**Task data:**
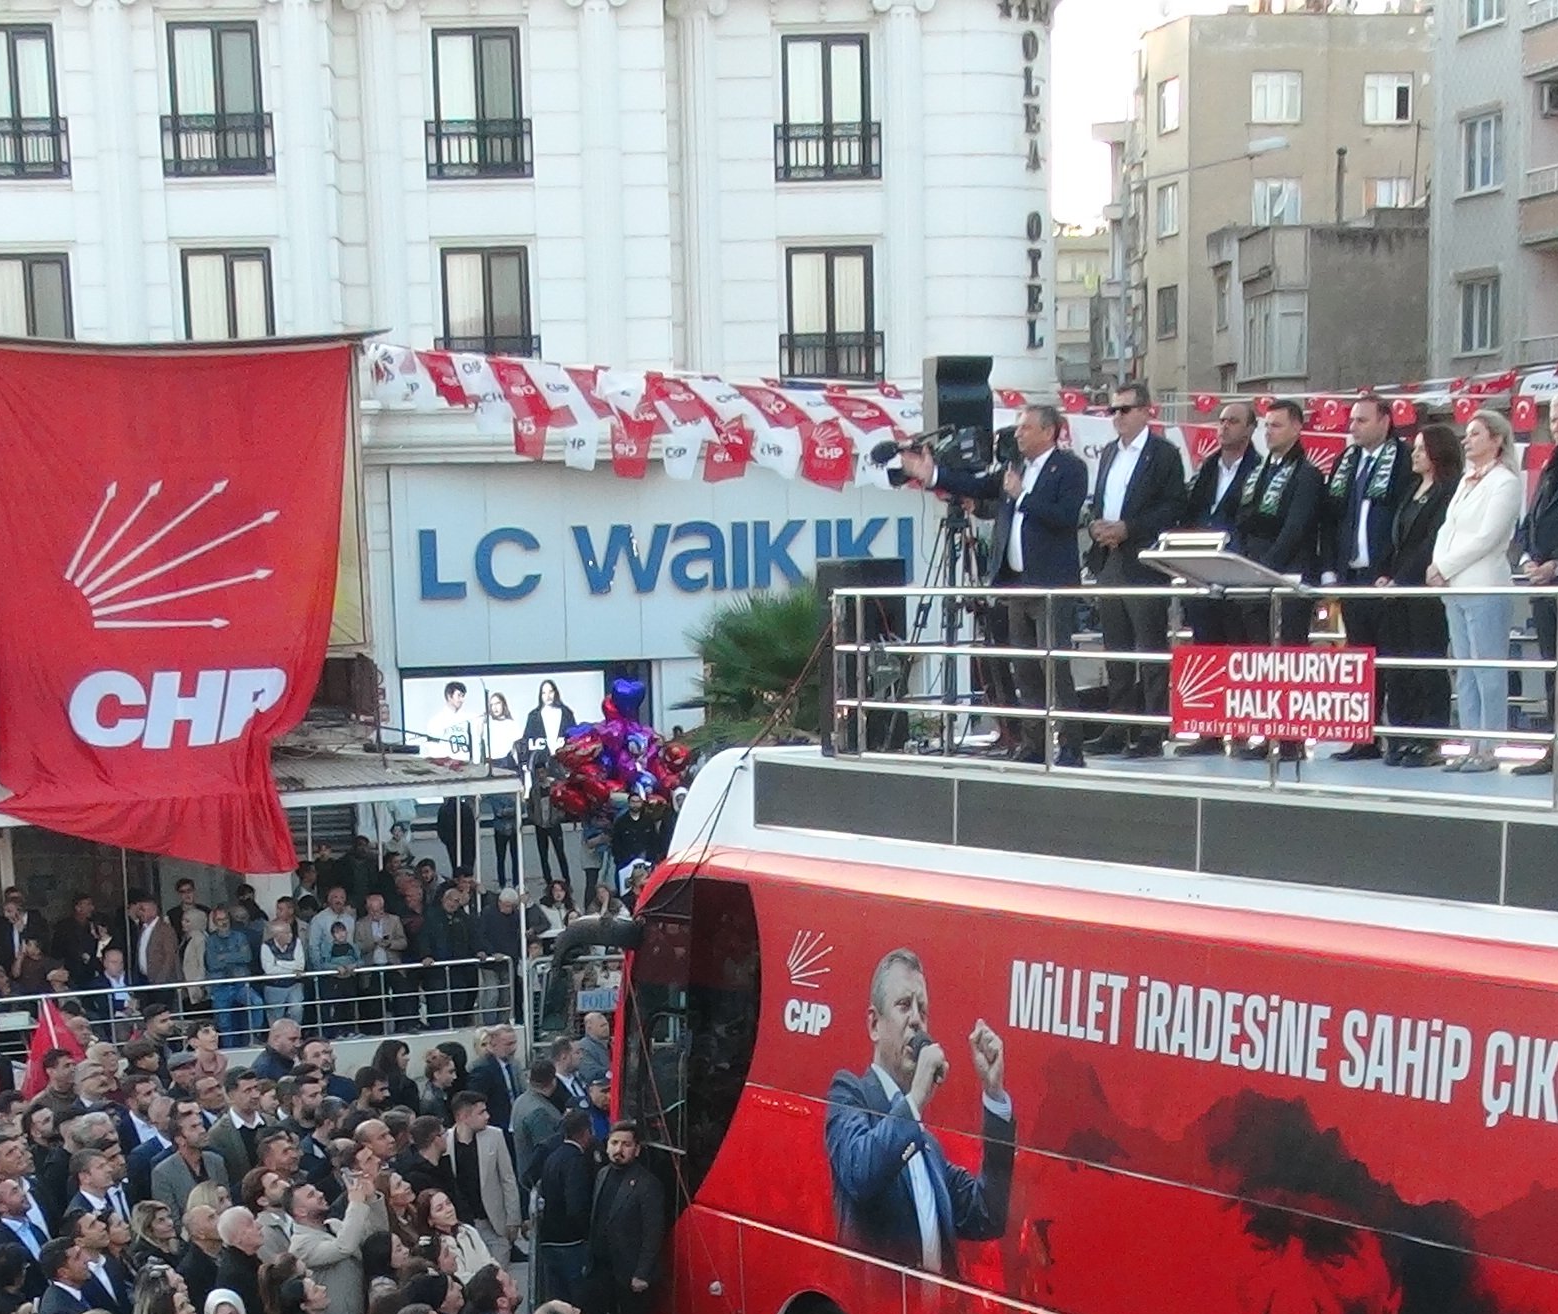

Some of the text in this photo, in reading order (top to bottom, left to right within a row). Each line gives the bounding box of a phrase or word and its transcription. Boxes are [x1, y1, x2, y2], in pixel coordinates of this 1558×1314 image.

[418, 527, 543, 601] LC
[1228, 652, 1369, 684] CUMHURİYET
[70, 667, 287, 752] CHP
[1226, 689, 1370, 723] HALK PARTİSİ
[784, 997, 831, 1036] CHP
[1009, 959, 1128, 1044] MİLLET
[1134, 978, 1333, 1083] İRADESİNE
[1341, 1010, 1471, 1105] SAHİP

**Work task:**
So that the copy stays exact, reproduce each record word for word and leave its images out.

**Solved problem:**
Some of the text in this photo, in reading order (top to bottom, left to right within a row). Each line gives the bounding box of a phrase or word and its transcription. Boxes are [x1, y1, x2, y2], in pixel coordinates of this 1558×1314 image.

[418, 527, 543, 601] LC
[1228, 652, 1369, 684] CUMHURİYET
[70, 667, 287, 752] CHP
[1226, 689, 1370, 723] HALK PARTİSİ
[784, 997, 831, 1036] CHP
[1009, 959, 1128, 1044] MİLLET
[1134, 978, 1333, 1083] İRADESİNE
[1341, 1010, 1471, 1105] SAHİP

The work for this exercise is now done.